The research paper, “Temporal dynamics in viral shedding and transmissibility of COVID-19”, presents the process of viral shedding across the presymptomatic and symptomatic phases. The researchers provide significant insight into the presymptomatic stage and the priority of identifying individuals who are infected prior to symptom expression. The ability to identify individuals prior to symptom onset is a key differentiator for Viral Sign.
Key findings from the paper:
- Presymptomatic, pre-elevated body temperature transmission represents at least 44% of viral transmissions, consistent with prior research with suggest the presymptomatic state may lead to as many as 58% of all transmissions of ILI.

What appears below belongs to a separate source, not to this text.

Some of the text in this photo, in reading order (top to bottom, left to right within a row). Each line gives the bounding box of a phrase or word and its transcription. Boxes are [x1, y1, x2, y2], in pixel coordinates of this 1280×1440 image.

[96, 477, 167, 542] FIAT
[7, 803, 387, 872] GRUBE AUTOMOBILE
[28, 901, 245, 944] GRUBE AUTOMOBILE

- Viral transmission can begin as early as 12 days before elevated body temperature expression, but is highly unlikely this early in these disease process.

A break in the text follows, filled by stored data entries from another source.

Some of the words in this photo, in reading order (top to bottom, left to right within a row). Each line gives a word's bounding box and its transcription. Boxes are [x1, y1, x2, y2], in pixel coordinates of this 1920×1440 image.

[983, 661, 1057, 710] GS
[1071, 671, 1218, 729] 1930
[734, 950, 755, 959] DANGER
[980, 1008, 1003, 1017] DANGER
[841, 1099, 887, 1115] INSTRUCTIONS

- The greatest potential for virus transmission occurs in the presymptomatic state (three days prior to fever expression) and continues to the day of fever expression.
“Assuming an incubation period distribution of mean 5.2 days from a separate study of early COVID-19 cases1, we inferred that infectiousness started from 12.3 days (95% CI, 5.9–17.0 days) before symptom onset and peaked at symptom onset (95% CI, –0.9–0.9 days) (Fig. 1c). We further observed that only <0.1% of transmission would occur before 7 days, 1% of transmission would occur before 5 days and 9% of transmission would occur before 3 days prior to symptom onset. The estimated proportion of presymptomatic transmission (area under the curve) was 44% (95% CI, 30–57%). Infectiousness was estimated to decline quickly within 7 days.”

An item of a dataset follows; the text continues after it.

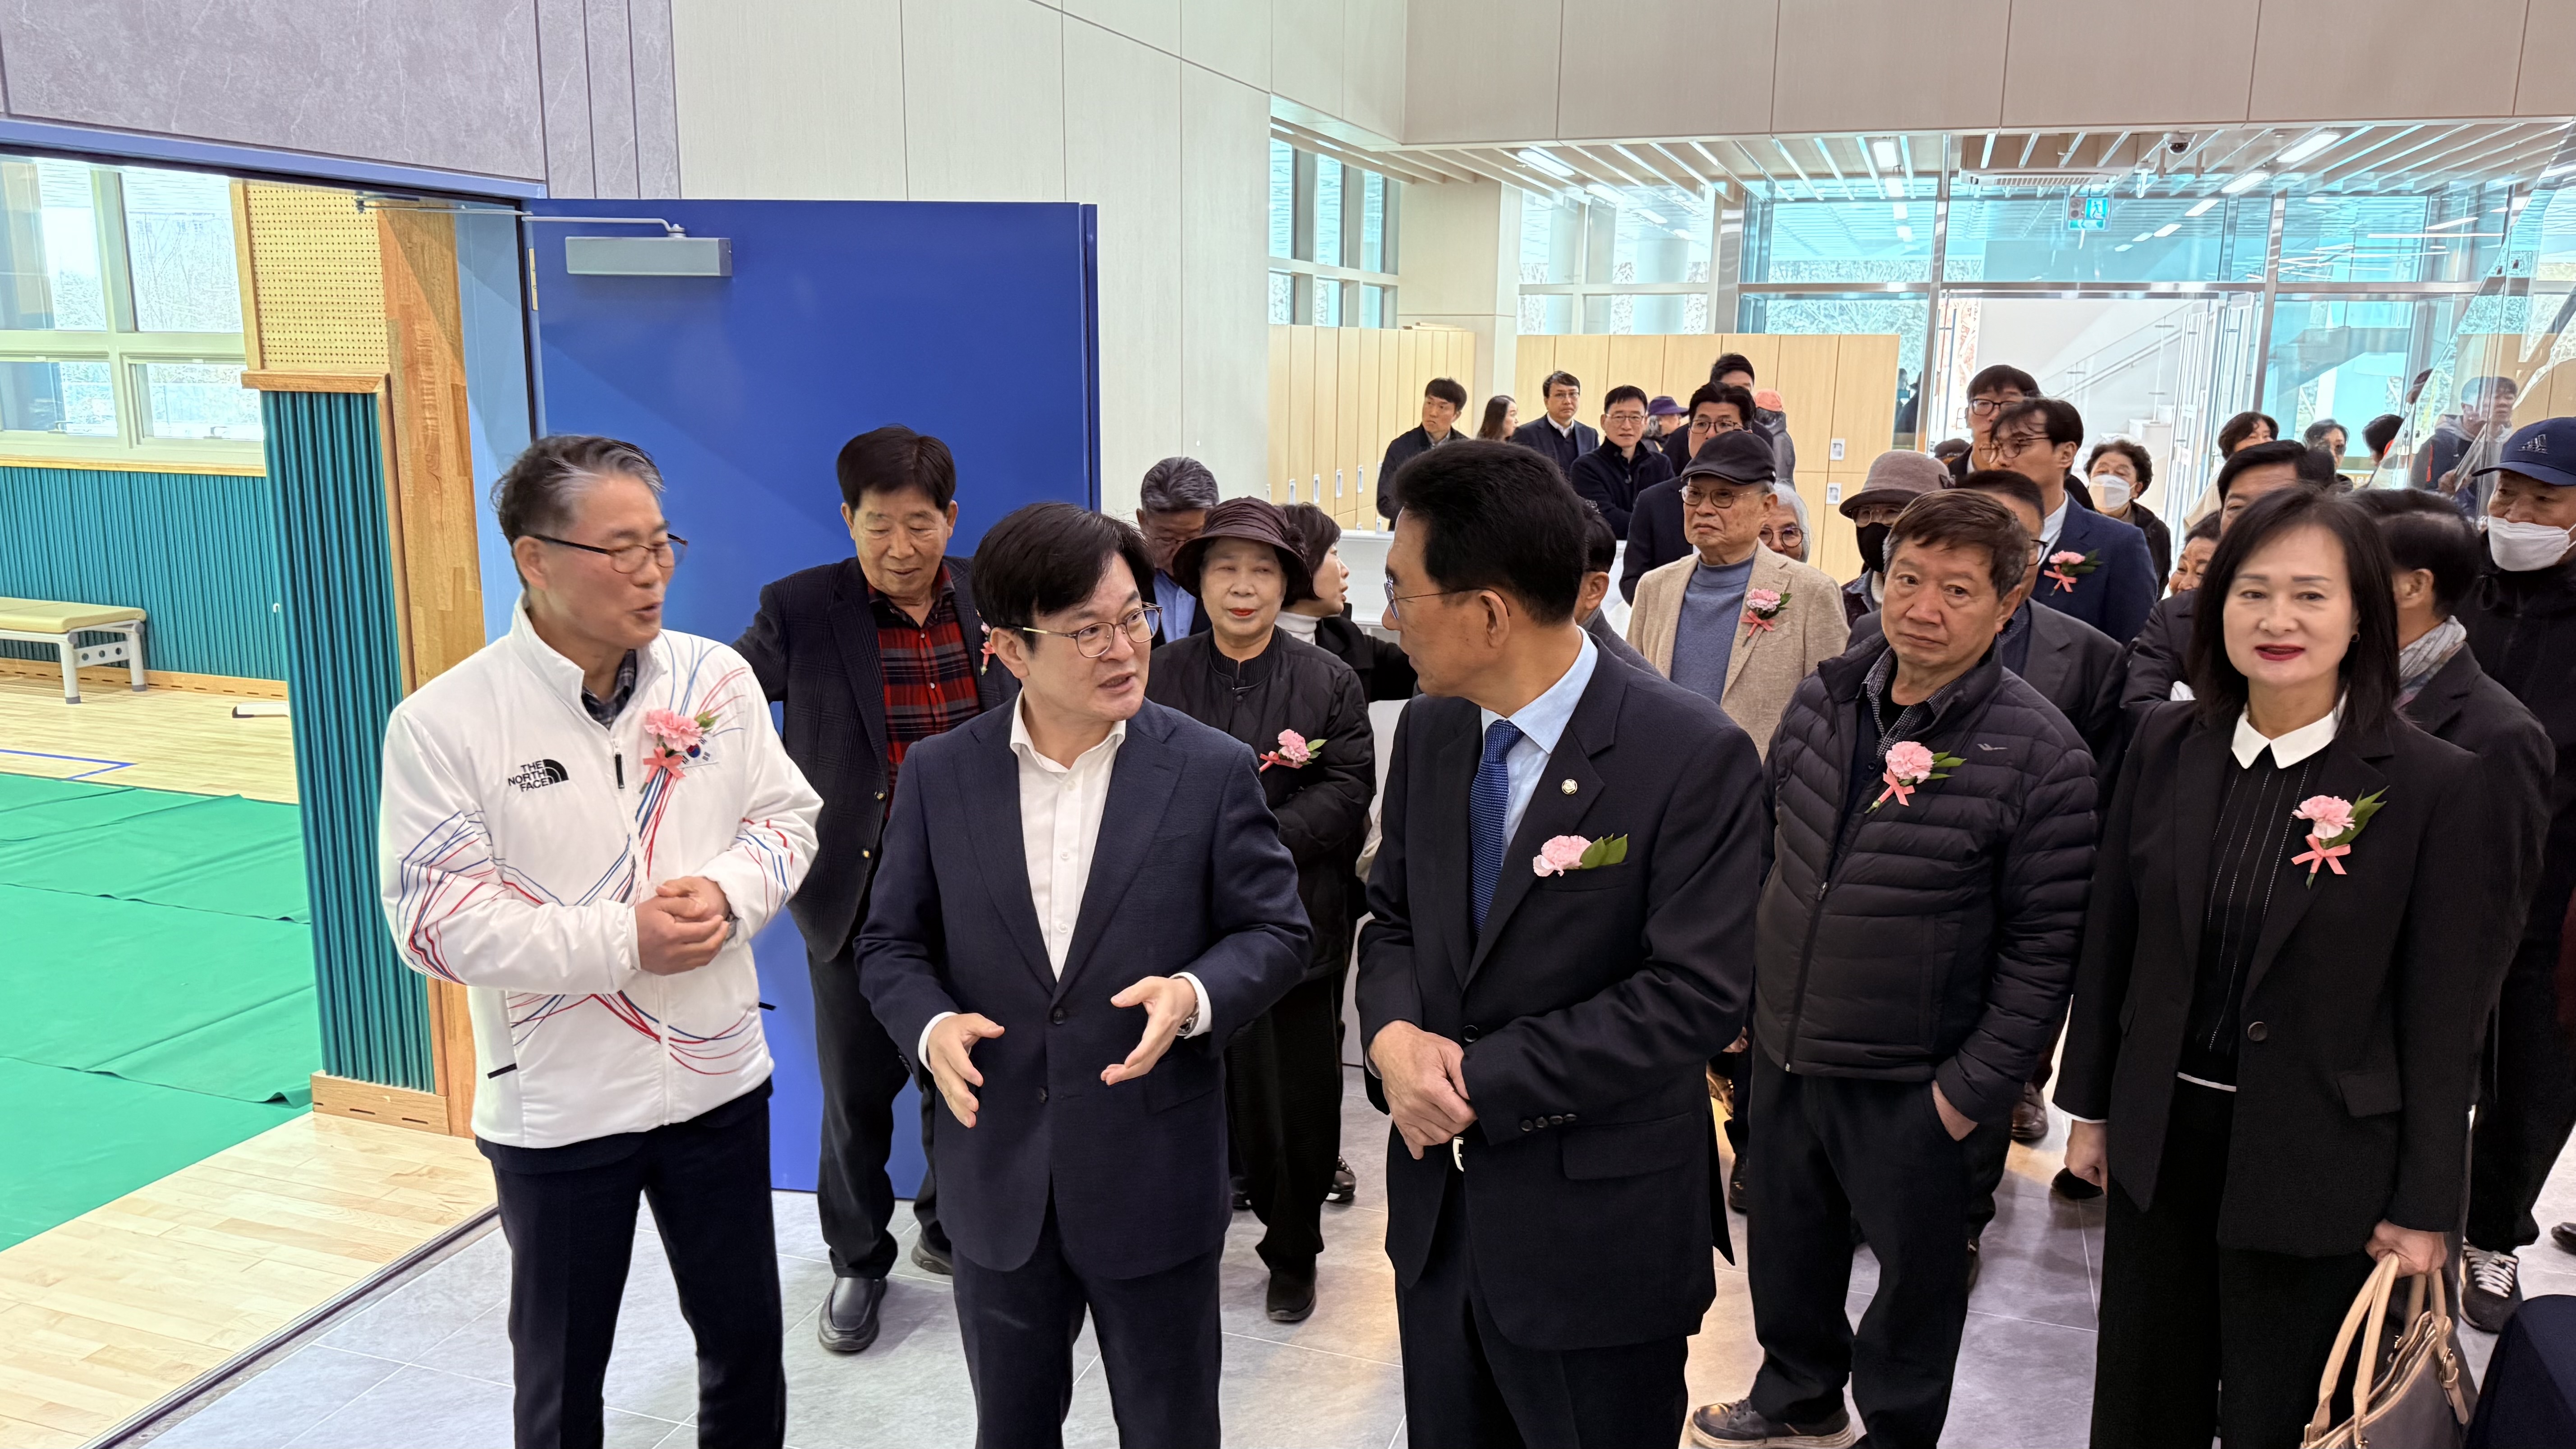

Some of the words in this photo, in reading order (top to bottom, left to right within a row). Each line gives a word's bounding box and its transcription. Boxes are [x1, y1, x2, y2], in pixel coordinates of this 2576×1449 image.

“In conclusion, we have estimated that viral shedding of patients with laboratory-confirmed COVID-19 peaked on or before symptom onset, and a substantial proportion of transmission probably occurred before first symptoms in the index case. More inclusive criteria for contact tracing to capture potential transmission events 2 to 3 days before symptom onset should be urgently considered for effective control of the outbreak.”